Intensive farmers of the Bronze Age saw the cattle-trampled soil of the Burren washed down through the cracks in the rock, but the traditional winter grazing of the uplands is what helps to maintain today's exquisite diversity of wildflowers. The danger is that, as farming dwindles to the valleys, and off-farm employment takes over, the undergrazed, rocky, but species-rich heights will be swamped with hazel and blackthorn scrub.
The attitudes of Burren farmers are changing rapidly, says Dr Dunford. Few want to give up their land, but traditional skills are less relevant than "the ability to position the farm operation so as to optimally benefit from the range of compensatory schemes available". This, he suggests, actually makes it easier to swing farm management round to conservation, if Teagasc research can match the right measures to the Burren's infinite complexity.
The interpretative website he runs with his partner, Ann O'Connor - www.burrenbeo.com - supports his fine optimism that the Burren's heritage can be part of the farming future, especially with a reward system "through which farmers are proactively paid to deliver environmental goods, rather than reactively penalised for digressions from predetermined, standardised, and often inappropriate, criteria". His views find close echo in another new publication about the Burren, this time by Liam Lysaght, the Wildlife Officer with the Heritage Council.

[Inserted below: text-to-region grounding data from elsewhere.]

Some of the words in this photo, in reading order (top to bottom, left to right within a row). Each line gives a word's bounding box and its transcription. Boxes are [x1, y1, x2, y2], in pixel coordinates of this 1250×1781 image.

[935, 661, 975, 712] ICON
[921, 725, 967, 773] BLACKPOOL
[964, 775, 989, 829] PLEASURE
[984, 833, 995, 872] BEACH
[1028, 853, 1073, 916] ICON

An Atlas of the Breeding Birds of the Burren and the Aran Islands, published by BirdWatch Ireland at €20, is the fruit of four years of fieldwork by 50 BirdWatch members and of Dr Lysaght's own years as ranger in the Burren National Park. Its account of the region's 106 species notes the loss of birds such as corncrake, corn bunting and grey partridge, and decline of barn owl, curlew and yellowhammer - all birds associated with the mixed farming of the past.

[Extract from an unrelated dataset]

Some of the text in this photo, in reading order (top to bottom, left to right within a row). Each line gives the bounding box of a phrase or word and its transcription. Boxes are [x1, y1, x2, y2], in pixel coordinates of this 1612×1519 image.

The author assails a system of EU direct payments which has failed to recognise the distinctive character of different regions. Even REPS "urgently needs to be cranked up a gear, with a move away from the 'compensation' culture to one where positive measures for the natural heritage are identified, and farmers given incentives to achieve these objectives in a proactive manner".
Dr Lysaght is another optimist, seeing "a latent interest in natural heritage among the farming community" that Government departments and state agencies are neglecting.
What farmers will make of the new and colourful Dúchas guide to Special Protection Areas for Birds in Ireland(available from Dúchas sites this summer, approx €10) remains to be seen. The designation of SPAs has been queueing up behind that of Special Areas of Conservation under the 20-year-old Wild Birds Directive, with similar constraints on development and provision for compensation.
The guide describes 110 sites already designated, and another 26 added under the urging of the EU Commission. Most of them are wetlands, bays and estuaries that serve the migration of wildfowl and waders, along with islands, headlands (and the Cliffs of Moher) used by our important colonies of nesting seabirds. It's a bright, fistful of a booklet, packed with excellent maps and photographs and bound to appeal to bird-watchers in Ireland and from abroad.
In his county-by-county description of sites, Cóilin MacLochlainn lists the birds on view, season by season, and the plants, insects and animals that give each SPA extra interest. He also, thoughtfully, adds some notes on vantage points on the safe side of fences.